É como se fosse outro mundo. Outro mundo que criássemos para nós mesmos.
Um mundo que voltássemos vários anos atrás, porque queremos, e não nos importássemos com as assustadoras consequências que viriam depois. Viramos adolescentes, e não há problema nisso.
Talvez nunca tenhamos crescido.
Talvez, deitado no chão da minha própria sala, aos pés de Kyungsoo enquanto ele canta uma música segurando a minha mão, eu apenas esteja sendo eu mesmo. Finalmente. Depois de tantos dias e horas sentado a frente de um computador. Depois de tanto tempo importunado por questões que nunca tiveram a ver comigo, eu finalmente conseguisse ser eu mesmo.
Alguém acabava caindo no sono hora ou outra, então nós riamos porque essa pessoa caiu no sono e tentávamos acordar ela das maneiras mais irritantes possíveis. Acho que acordamos Yooa tampando o nariz e a boca dela dessa vez. Ela arregalou os olhos e gritou.
Ou foi vez passada?
Também havia o momento em que eu mesmo caia no sono. O sono me puxava para o seu abismo sem fim de trevas e esquecimento.
E então era isso. Acabava.
...
“Baekhyun”
Uma multidão. Estou no meio e uma multidão de pessoas. Todas vindo por todos os lados, me empurrando em tantas direções que fico confuso. Fico tonto.
“Baekhyun”
As faces ficam misturadas de tão rápidas que passam, não consigo formar uma inteira. Vejo um nariz, uma boca, os olhos. Mas não vejo mais nada. São todas comuns demais, são as mesmas que se vê quando se passa por uma rua movimentada. E continuam me empurrando.
“Bernstein”
E então o vermelho aparecia. Como o primeiro raio de sol de uma manhã, como um grito no silencio. Surgia notório em minha visão, não podendo ser ignorado pelo mais cego dos cegos. Era ele, o Vermelho.
Sem hesitar, corro atrás dele, corro atrás dele como correria pela minha própria vida. Como se todos os meus valores estivessem naquela cor, e eu tivesse que lutar por cada um deles. Não posso deixar fugir. Não posso deixar ele fugir.
E a multidão me amassa e modela. Eu viro uma massa imóvel.
“Eu estou aqui, idiota”
Abro os olhos com o baque forte de uma dor de cabeça insuportável, sinto como se ela estivesse em um compressor, pronta para explodir em vermelho cor-de-sangue, e meus miolos.

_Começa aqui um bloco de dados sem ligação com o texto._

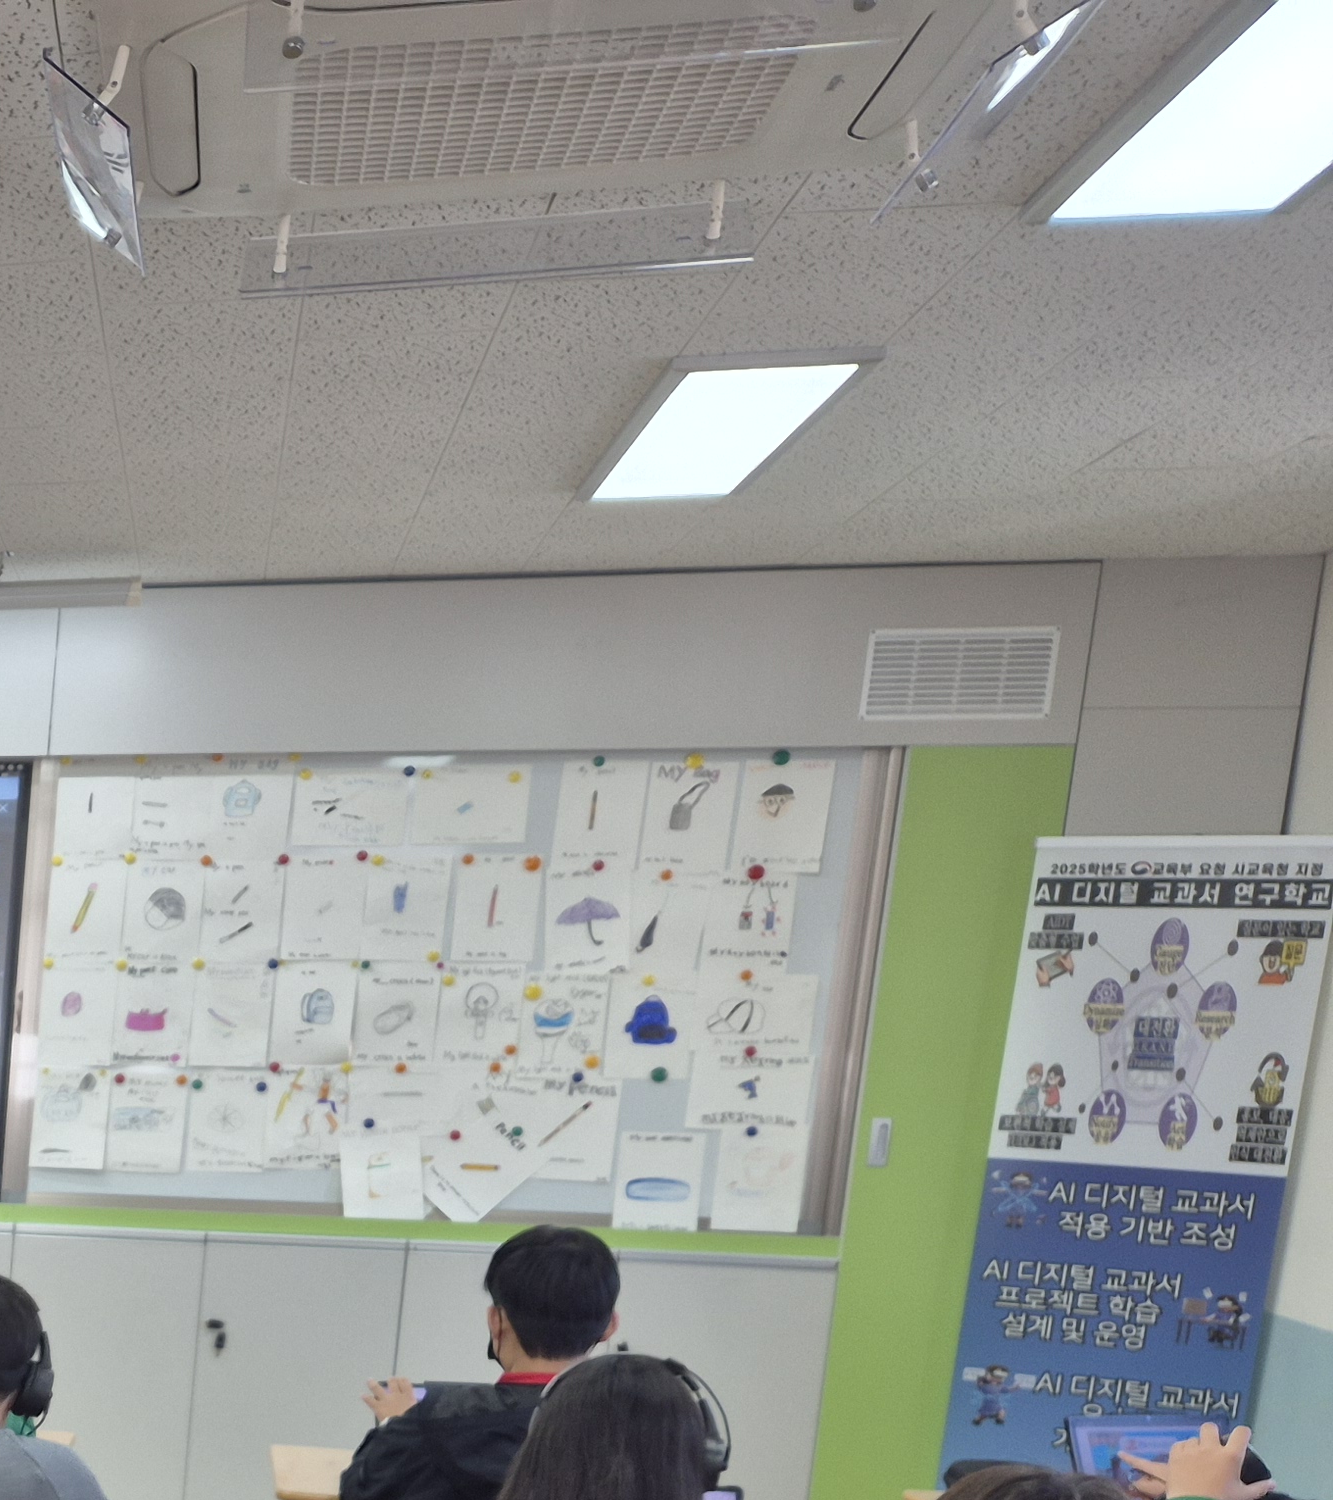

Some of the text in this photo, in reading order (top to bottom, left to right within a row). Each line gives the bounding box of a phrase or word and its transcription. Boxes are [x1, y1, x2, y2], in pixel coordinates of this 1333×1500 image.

[1050, 862, 1127, 877] 2025학년도
[1152, 862, 1193, 876] 교육부
[1232, 862, 1289, 877] 시교육청
[1295, 862, 1324, 877] 지정
[1035, 881, 1331, 906] AI 디지털 교과서 연구학교
[1048, 1181, 1256, 1221] AI 디지털 교과서
[1058, 1210, 1236, 1251] 적용 기반 조성
[983, 1259, 1182, 1299] AI 디지털 교과서
[994, 1285, 1162, 1326] 프로젝트 학습
[1001, 1311, 1147, 1351] 설계 및 운영
[1034, 1372, 1063, 1396] AI
[1070, 1374, 1151, 1410] 디지털
[1157, 1384, 1240, 1419] 교과서

Meus olhos perdem foco na claridade do dia e lentamente focalizam um ponto vermelho em cima de mim, que depois se torna cachos, e depois um rosto sorridente e brilhante banhado à luz do sol.
– Chanyeol, sai de cima de mim.
– Bom dia para você também.
– É serio, eu vou vomitar. – murmuro, tentando fazer ele realmente entender.
Quando percebo, ele já está me colocando em seu colo, e eu, sem ter condições de resistir muito, apenas envolvo meus braços em seu pescoço, e deixo ele me guiar pela minha própria casa. Ele me pousa no chão do banheiro, em frente à privada, e lá eu derramo todos os meus pecados.
Deixo ele afastar minha franja e acariciar minha costa. Eu não tenho muito que fazer. Apenas sentir tudo saindo do meu corpo, me sentindo imundo.
Aos poucos, eu deito no azulejo do banheiro e tento me concentrar em realmente acordar. O que aconteceu ontem mesmo?
Ah, sim, a Noitada. E eu estou assim por causa dela também.
Olho para Chanyeol ao meu lado. Está todo arrumadinho como sempre, sem um fio sequer de cabelo fora do lugar, e seu sobretudo de algodão, sem sequer uma mancha, caindo perfeitamente em seu corpo. Porque ele sempre está tão bonito, mesmo quando eu estou em um dos estados mais deploráveis do ser humano?
– Ok, Woodward – sorrio para ele, sinicamente. – Esse é o momento em que você me explica porque está aqui. Eu falei que era para vir somente se desse merda.
– Bom... – ele pensa um pouco. – Quando você parou de me ligar e mandar todas aquelas mensagens, eu achava que tinha que me preocupar. Esperei amanhecer para ver se realmente você não iria dar mais sinal de vida, então vim para cá.
– Então você vai ajudar a limpar tudo, já sabe, né? – digo, suspirando e deixando meu corpo deslizar para seu colo. Minha cabeça dói demais, e a luz do sol nos azulejos brancos do banheiro está me deixando ainda pior. – E que tipo de mensagens eu mandei? Só por curiosidade.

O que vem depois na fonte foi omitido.